VQA Training Sets are Self-play Environments for Generating Few-shot Pools
Tautvydas Misiunas, Hassan Mansoor, Jasper Uijlings, Oriana, Riva, Victor Carbune

TL;DR
This paper introduces a method to transform existing VQA training sets into self-play environments, enabling models to autonomously improve their reasoning skills by iteratively selecting training examples that maximize task metrics.
Contribution
The authors propose a novel technique that leverages existing datasets for self-play training, reducing dataset construction costs and enhancing model performance in visual-question answering tasks.
Findings
Models can learn to use themselves or other models as tools.
The approach improves zero-shot performance on various VQA datasets.

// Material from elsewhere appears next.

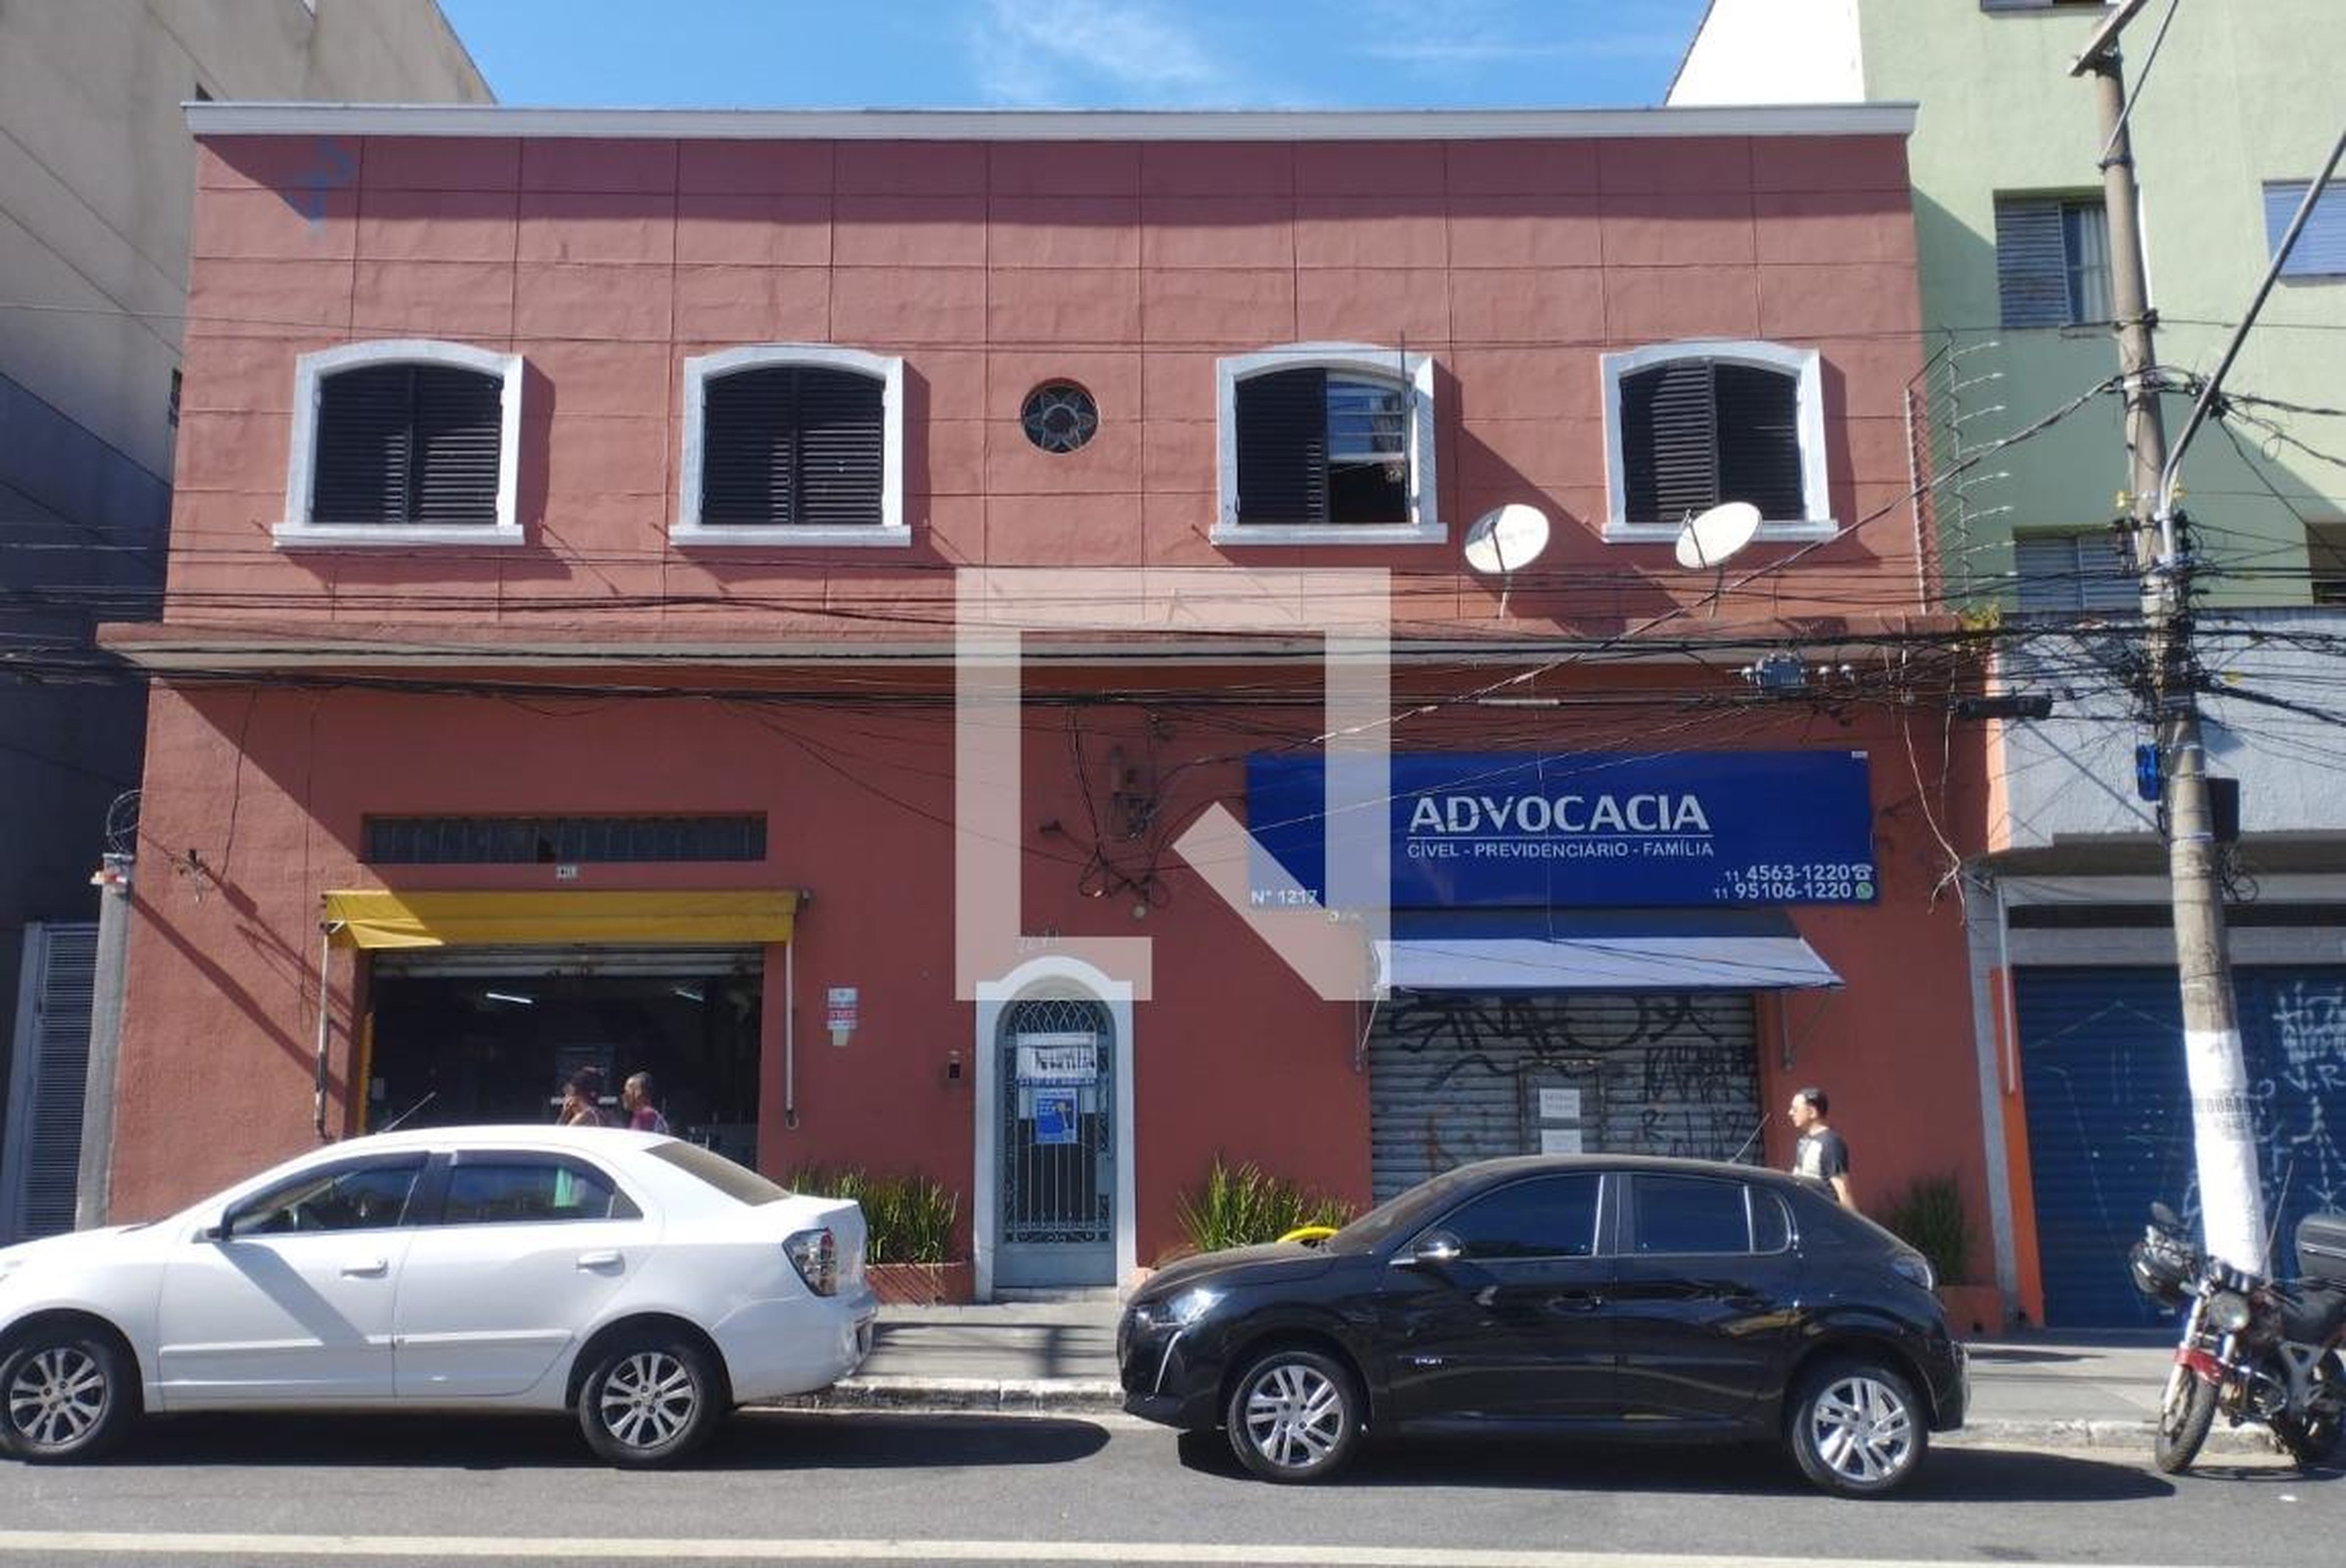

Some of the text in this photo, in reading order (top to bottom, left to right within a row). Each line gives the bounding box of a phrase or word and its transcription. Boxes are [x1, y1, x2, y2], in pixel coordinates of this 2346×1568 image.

Self-play training enhances reasoning capabilities in visual question answering.
Abstract
Large-language models and large-vision models are increasingly capable of solving compositional reasoning tasks, as measured by breakthroughs in visual-question answering benchmarks. However, state-of-the-art solutions often involve careful construction of large pre-training and fine-tuning datasets, which can be expensive. The use of external tools, whether other ML models, search engines, or APIs, can significantly improve performance by breaking down high-level reasoning questions into sub-questions that are answerable by individual tools, but this approach has similar dataset construction costs to teach fine-tuned models how to use the available tools. We propose a technique in which existing training sets can be directly used for constructing computational environments with task metrics as rewards. This enables a model to autonomously teach itself to use itself or another model as…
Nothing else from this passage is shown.